Pedicle screws were a landmark in spinal deformity correction, because they engage in the strongest part of the vertebra and improves the bone-screw interface, thus allowing the application of higher corrective forces to translate, derotate or to perform other maneuvers to correct the deformed spine. Initially only monoaxial screws were used, and, although they showed superiority for vertebral rotation correction, the difficulty aligning the screw and seating the rod into the screw head saddle was a disadvantage. Polyaxial screws provided more freedom as they facilitate the rod insertion into the screw saddle head. However, some polyaxial screw heads can be blocked so that the screw can mimic a monoaxial axial screw for the derotation maneuver.58,59

A more recent application of pedicle screws was the concept of dynamic fixation systems, which are designed to reduce spinal instability while preserving a certain degree of mobility.60

Accuracy of the Implantation

Although pedicle screws have increased in popularity over the last decades and their indications are growing, the accuracy of pedicle screw placement is a critical issue, because there is still a significant number of screw misplacements even in experienced hands.61,62 Screw misplacement can cause a variety of problems to patients with minor to major consequences (radicular pain, weakness or sensory loss, paralysis, major vascular lesion), with lower risks when surgery is performed by an experienced spinal surgeon.47 Nerve root injuries were observed in about 2% of patients, neurological deficits in about 1.3 to 1.8% and radicular pain in 5% of the patients. Approximately 20% of pedicle screws are misplaced when conventional techniques are used and around 7% when navigation was used. Improved instrumentation as well as novel image-guided and navigation techniques have been developed to improve pedicle screw placement.49,50

Regardless of the technique used, the surgeon should have a comprehensive understanding of the spinal anatomy and of techniques for screw insertion. Preoperative images should be evaluated, and the anatomy of the spinal segment to be operated on should be evaluated in detail.

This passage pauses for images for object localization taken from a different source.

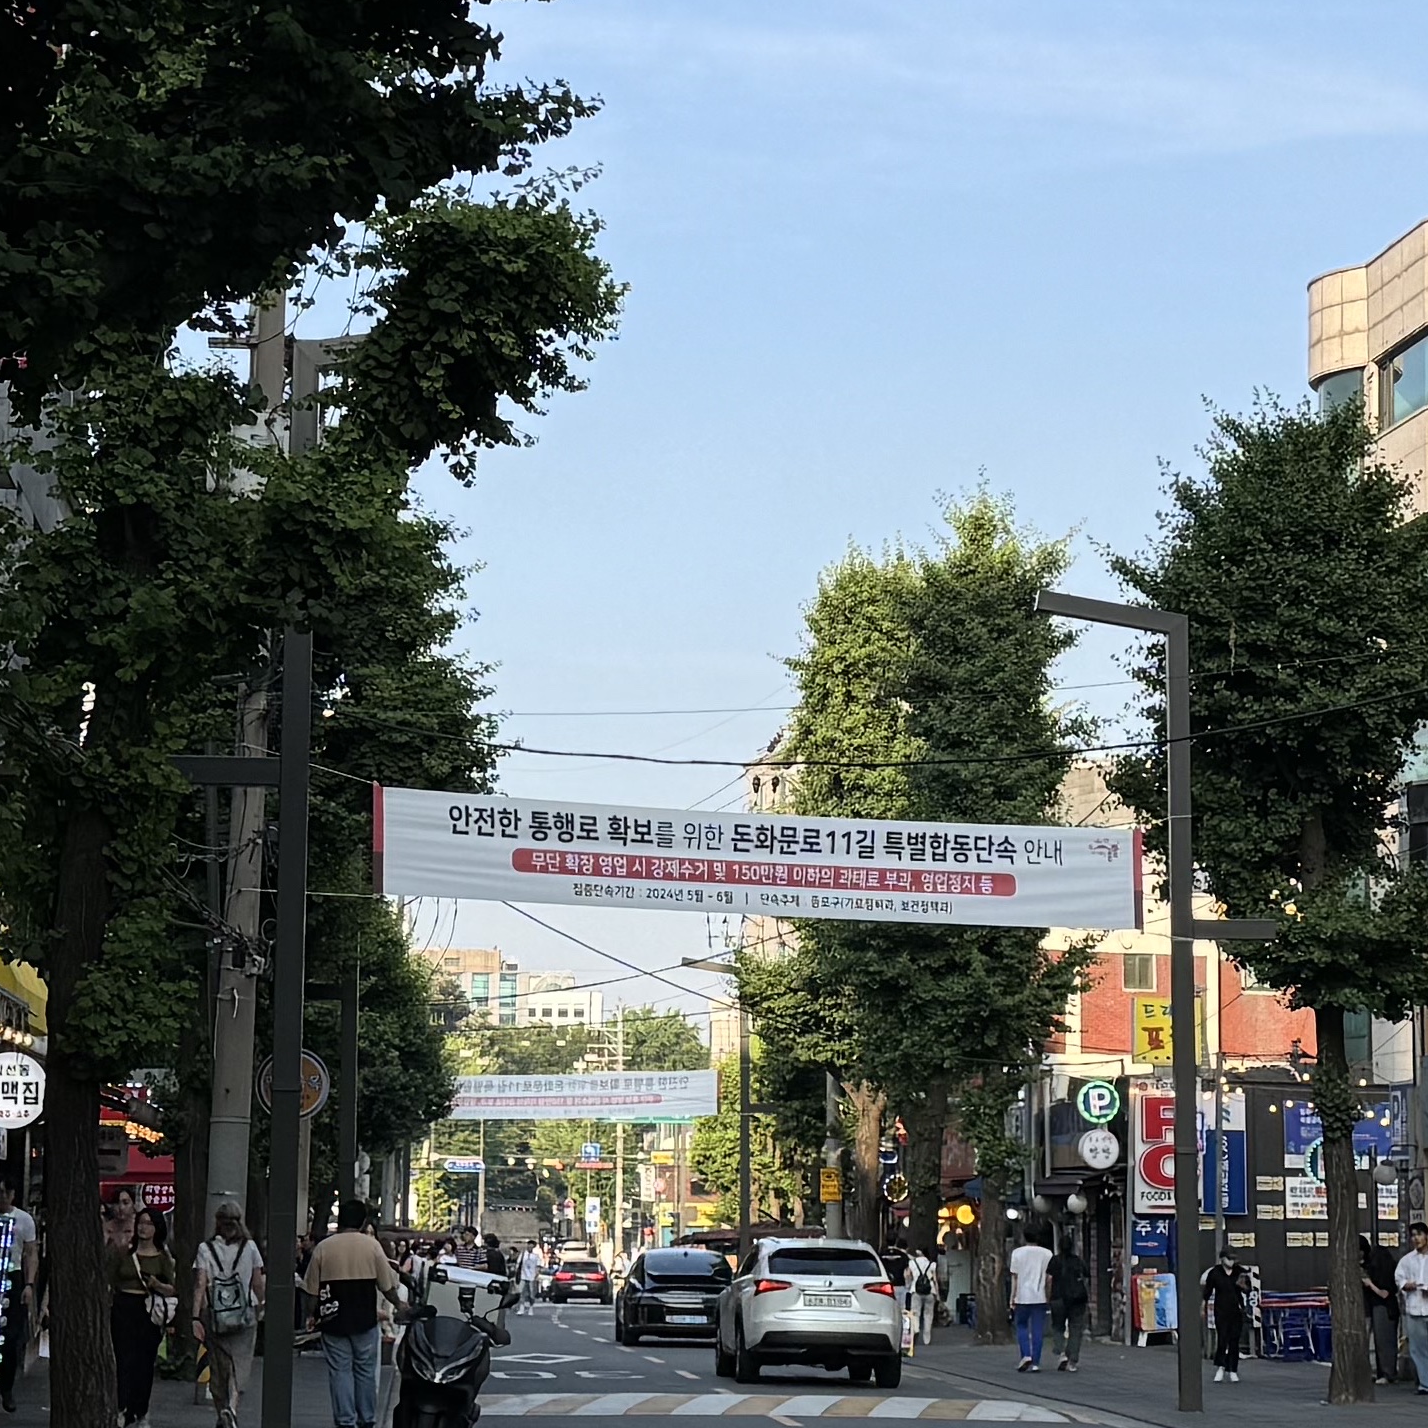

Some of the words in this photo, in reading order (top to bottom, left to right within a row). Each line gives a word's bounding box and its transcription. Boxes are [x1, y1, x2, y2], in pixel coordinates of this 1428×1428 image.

[448, 805, 521, 839] 안전한
[529, 810, 600, 843] 통행로
[607, 814, 675, 849] 확보를
[683, 822, 724, 851] 위한
[731, 823, 875, 860] 돈화문로11길
[883, 830, 1017, 865] 특별합동단속
[1024, 838, 1063, 866] 안내
[531, 852, 561, 871] 무단
[565, 853, 594, 873] 확장
[599, 855, 628, 875] 영업
[632, 857, 646, 877] 시
[651, 858, 709, 880] 강제수거
[732, 863, 787, 885] 150만원
[793, 868, 834, 888] 이하의
[921, 873, 975, 894] 영업정지
[979, 875, 994, 894] 등
[646, 887, 683, 901] 2024년

The placement of pedicle screws should be performed in a step-wise sequence that can be divided into exposure, entry point identification, pilot hole, pedicle wall checking, tapping and screw insertion.

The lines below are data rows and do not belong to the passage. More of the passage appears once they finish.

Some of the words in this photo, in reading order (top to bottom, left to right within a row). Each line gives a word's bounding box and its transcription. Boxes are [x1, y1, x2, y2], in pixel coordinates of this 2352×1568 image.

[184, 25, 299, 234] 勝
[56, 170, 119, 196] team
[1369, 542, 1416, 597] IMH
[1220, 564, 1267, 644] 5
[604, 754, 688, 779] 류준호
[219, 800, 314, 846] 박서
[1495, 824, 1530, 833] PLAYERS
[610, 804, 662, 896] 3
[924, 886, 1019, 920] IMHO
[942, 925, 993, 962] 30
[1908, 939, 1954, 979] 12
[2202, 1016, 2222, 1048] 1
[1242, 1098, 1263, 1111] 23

The first important component of successful pedicle screw placement is a meticulous exposure of the posterior elements so that the anatomical landmarks can be identified. The spine should be exposed bilaterally to the tips of transverse process and to the lateral border of the superior articular process. The facet joints must be exposed and cleaned of soft tissues. In the thoracic spine, the inferior face is removed for better visualization and identification of the entry point.

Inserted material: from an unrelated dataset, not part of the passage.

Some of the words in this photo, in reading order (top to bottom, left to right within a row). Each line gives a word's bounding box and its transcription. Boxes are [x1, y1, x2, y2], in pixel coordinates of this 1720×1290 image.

The entry point for each pedicle varies according to the spinal level. The entry point in the thoracic spine (T1-T12) is at the junction of the bisected transverse process and lamina at the lateral border of the pars. The starting point above the midthoracic region tends to move slightly lateral and caudal, and it tends to be most medially proximally located at the apical midthoracic spine (T7-T9). The optimal starting point for thoracic pedicle screws based on morphological finding should be 2-3mm lateral to the superior articular facet midline, allowing screw placement in the center of the pedicle. However, the direction of the pilot hole perforation in the axial plane should be considered.63-65

In the lumbar spine, the starting point is at the junction of a vertical line running along the lateral aspect of the facet joint (or the lateral border of the pars articularis) and a line drawn horizontally through the middle of the transverse process. In the upper sacral pedicle the entry point is the intersection of the sacral ala and the inferior margin of the adjacent joint.

The entry point can be marked using an awl or a burr to create a posterior cortical breach and visualization of the cancellous bone of the pedicle.

The pilot hole can be created using a drill, gearshift, probe or dynamic surgical guidance. The direction of the pilot hole should be parallel to the superior endplate of the vertebral body or follow the anatomical axis of the pedicle at thoracic spine in the sagittal plane. In the coronal plane, the pilot hole angulation varies depending on the level. At L1 level, the direction is 10-15 degrees with respect to the horizontal line, and it increases by approximately 5 degrees at the subsequent lower levels.

The next step is to use a ball-tipped probe to check the walls of the pedicle and verify violation or perforation of the pedicle wall. The length of the pilot hole is then measured for an appropriate selection of the pedicle screw length. An optimal screw length should place the tip of the screw about 80% across the vertebral body. The pilot hole can be tapped, again sounded with the ball-tipped probe to check the pedicle walls and finally the appropriate screw can be inserted.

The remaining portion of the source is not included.